L'année 1994 marqua le bouleversement des positions des associations culturelles qui commencèrent à apparaître d'une manière régulière sur la scène médiatique à travers des manifestations mieux organisées et plus revendicatives. Au premier trimestre de 1994, le Conseil national de coordination (CNC) a été créé. Cette instance regroupe une trentaine d'associations culturelles avec l'objectif de coordonner leurs actions au niveau national. L'amazigh est désormais revendiquée dans toutes les régions du Maroc. Au mois de février de la même année, les membres du bureau de l'association Tamaynut d'Inezgane ont été interpellés suite à la publication d'un calendrier écrit en trois langues, arabe, français et amazighe pour le Nouvel An amazigh. Sur le calendrier, figuraient entre autres, les visages d'une dizaine de rois amazighs, tels Massinissa, Jugurtha, Juba... Le chef d'inculpation était l'incitation et la production d'actes visant à troubler l'ordre public !

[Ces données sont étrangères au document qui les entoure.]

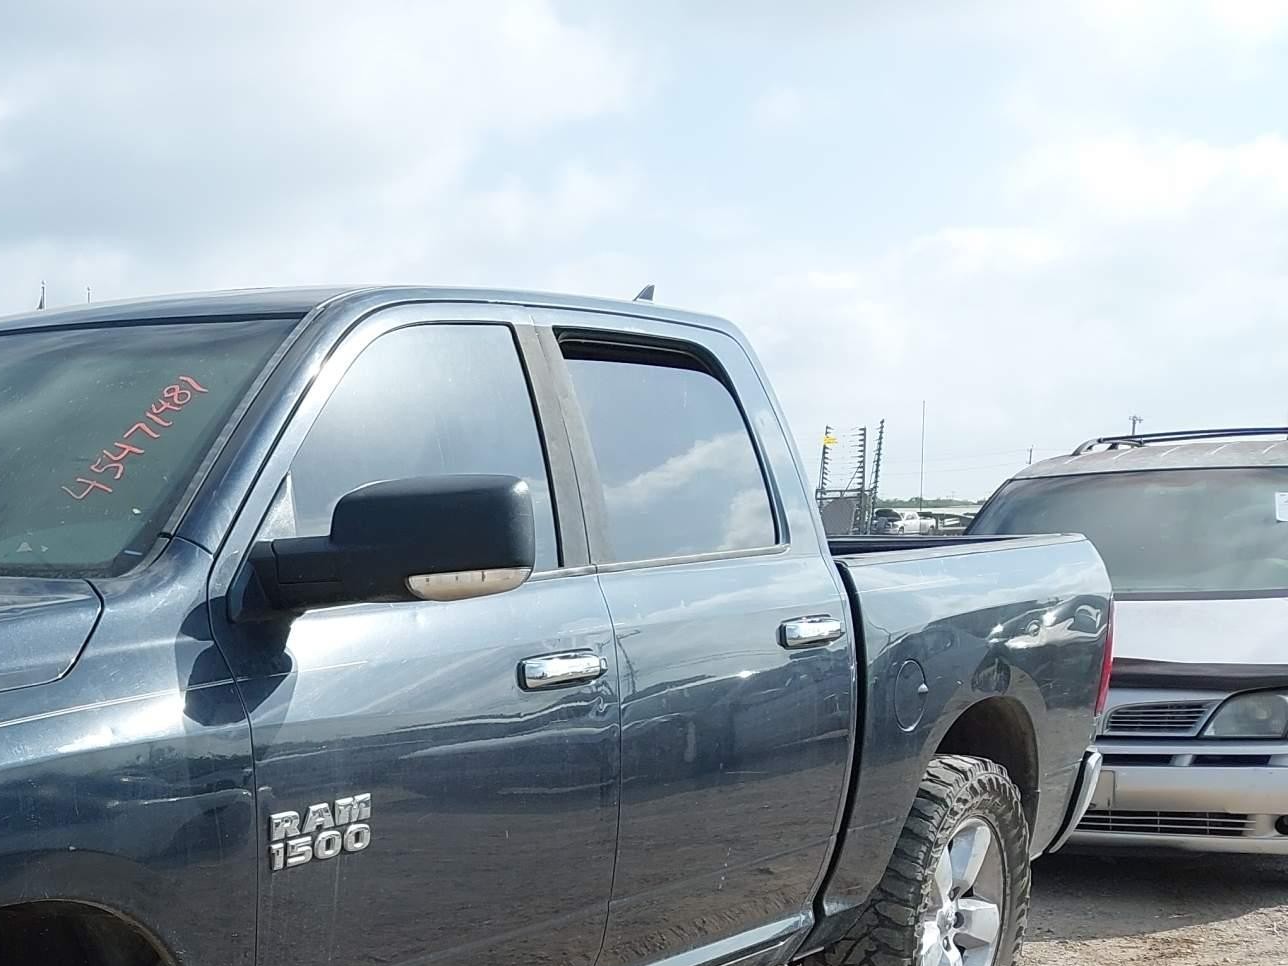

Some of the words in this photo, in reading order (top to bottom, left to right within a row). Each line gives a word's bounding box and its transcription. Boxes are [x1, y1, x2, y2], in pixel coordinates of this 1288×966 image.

L'intérêt pour la question amazighe prend d'avantage d'ampleur lors de l'arrestation de sept membres de l'association Tilelli à Errachidia. En défilant lors des manifestations du 1er mai 1994, les membres de cette association, tous des enseignants et membres du Syndicat National de l'Enseignement (SNE), scandaient des slogans appelant à l'introduction de l'amazigh à l'école et à la reconnaissance de l'amazigh comme langue nationale et officielle du Maroc. Agitation, atteinte à l'ordre public, profération de slogans en contradiction avec la constitution et incitation à des actes contre la sécurité intérieure de l'État, tels étaient les chefs d'inculpation de leur arrestation ! Un grand élan de solidarité a été constitué autour des détenus d'Errachidia aussi bien au niveau national qu'international. Une mobilisation forte de toutes les composantes amazighes du Maroc mais aussi de Paris et de la Kabylie ont contraint les autorités marocaines à libérer les détenus... trois mois après leur incarcération.
L'année 1994 a été marquée par un autre événement important. Feu Hassan II, dans son discours du 20 août, appelle à l'introduction de l'amazigh dans l'enseignement. Une initiative très significative, mais qui n'est toujours pas suivie de faits. Suite à ce discours royal, un bulletin d'information en amazigh d'une dizaine de minutes a vu le jour à la télévision marocaine, une première depuis que la télévision a été inventée. Mais toutes ces initiatives, malheureusement, ne dépassent pas le stade de miettes symboliques visant à calmer un mouvement de plus en plus fort et de plus en plus large. L'amazigh n'est toujours pas enseignée. Le bulletin d'information est d'une rare médiocrité. Et la répression continue. La même année l'association Ilmas de Nador s'est vue interdire d'organiser un colloque scientifique sur « la langue berbère et l'écriture ». Au mois de mai 1995, Les autorités locales de Dcheira, région d'Agadir, ont procédé à des arrestations musclées d'une trentaine de participants au carnaval berbère de Bilmawen. Ces participants ont été relâchés par la suite, sauf l'un d'eux qui a été jugé et inculpé.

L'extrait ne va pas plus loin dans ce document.